More Excellent Rare Sibelius from Segerstam on Naxos

Review by: David Hurwitz


Artistic Quality: 10

Sound Quality: 10

This releases continues Segerstam’s so far excellent survey of Sibelius’ complete incidental music coupled to other rare works. Belshazzar’s Feast works better in its complete form than many other such pieces: it has eleven short movements, including “Song of the Jewish Girl” setting the familiar lament “By the waters of Babylon.” A couple of the dances return at the end giving the work a semblance of form, and there are a few extra bits that didn’t make it into the more familiar suite, such as the exotic number simply marked “Allegretto” (sound clip). In short, this is worth hearing.

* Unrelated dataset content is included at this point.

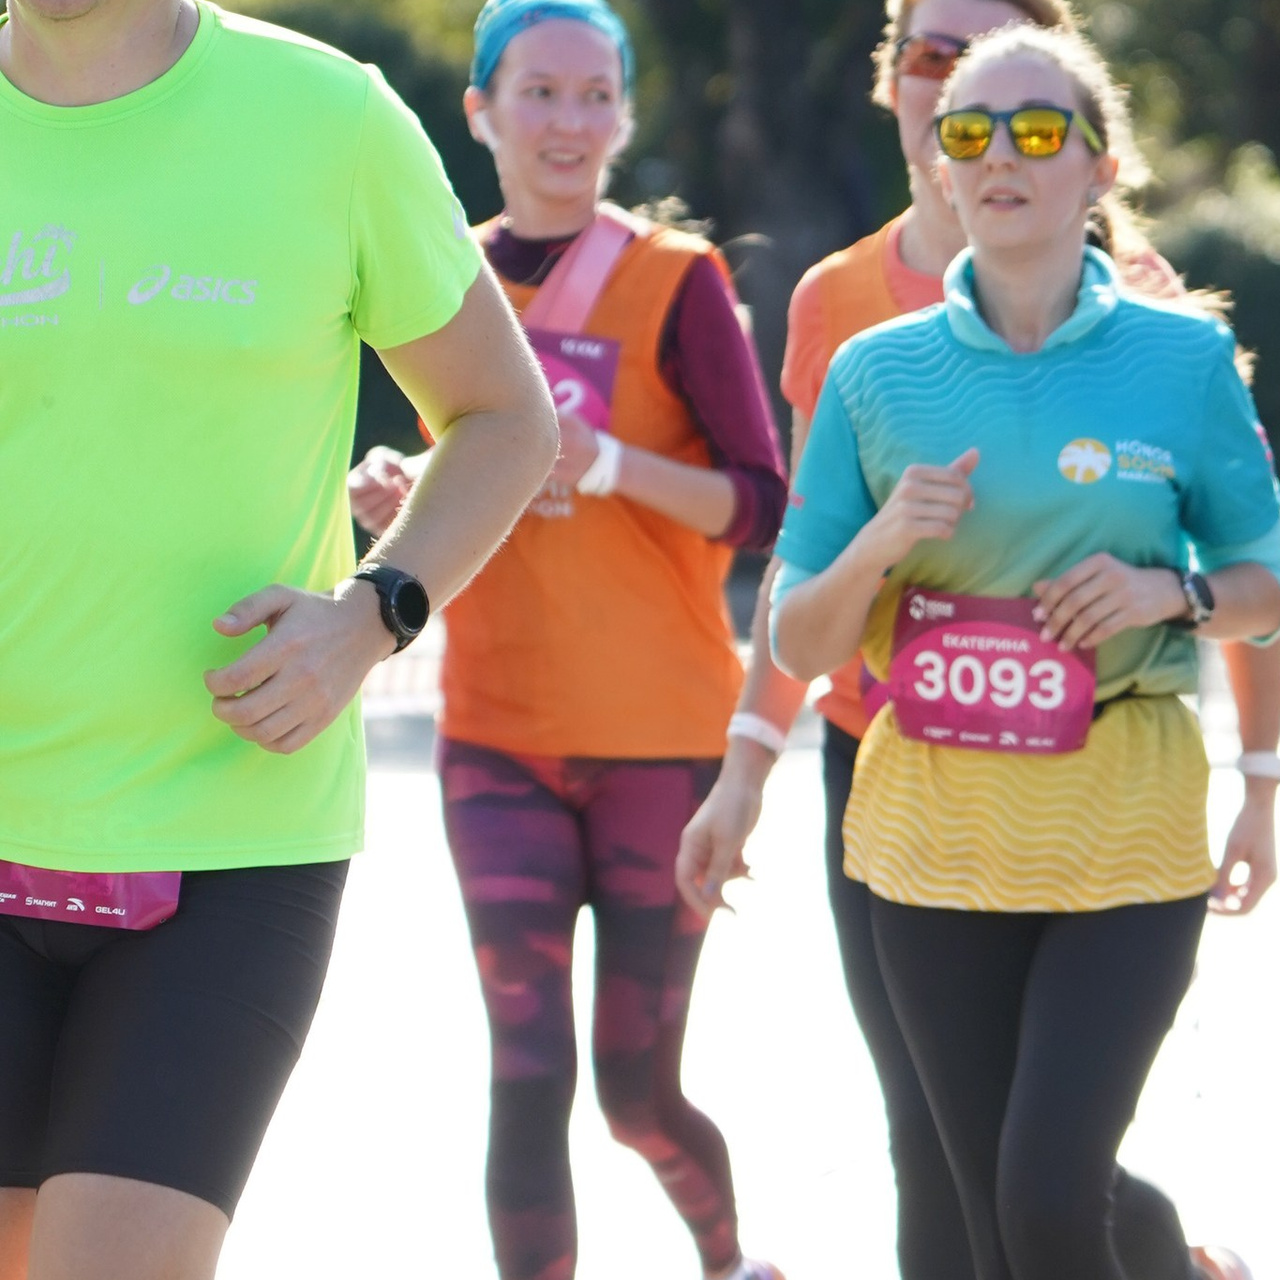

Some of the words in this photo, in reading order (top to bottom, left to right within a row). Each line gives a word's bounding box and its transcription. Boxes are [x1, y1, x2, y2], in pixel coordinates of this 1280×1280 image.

The remaining items also are of unusual interest. The Overture in E major and Scène de Ballet both date from 1891 and comprise Sibelius’ earliest orchestral works. Both are worth hearing, not so much because they sound like the later composer (they have moments), but because despite their immaturity, they still don’t sound like anyone else. Scène de Ballet, in particular, features very curious scoring for castanets and suspended cymbal, while the overture is a surprisingly big work–almost twelve minutes–with some attractive if relatively anonymous melodic invention.

The Wedding March is all that Sibelius wrote as incidental music to play called The Language of the Birds. Its date, 1911, signals a fully mature piece, and the music is not really a march at all–more a miniature tone poem with some of the harmonic strangeness of The Bard and the Fourth Symphony, which come from the same period. You might feel that the Cortège also needs a new name: it’s actually an ebullient Polonaise in triple time, and again, surprisingly substantial. This music found a later home in both the Scènes historiques and The Tempest.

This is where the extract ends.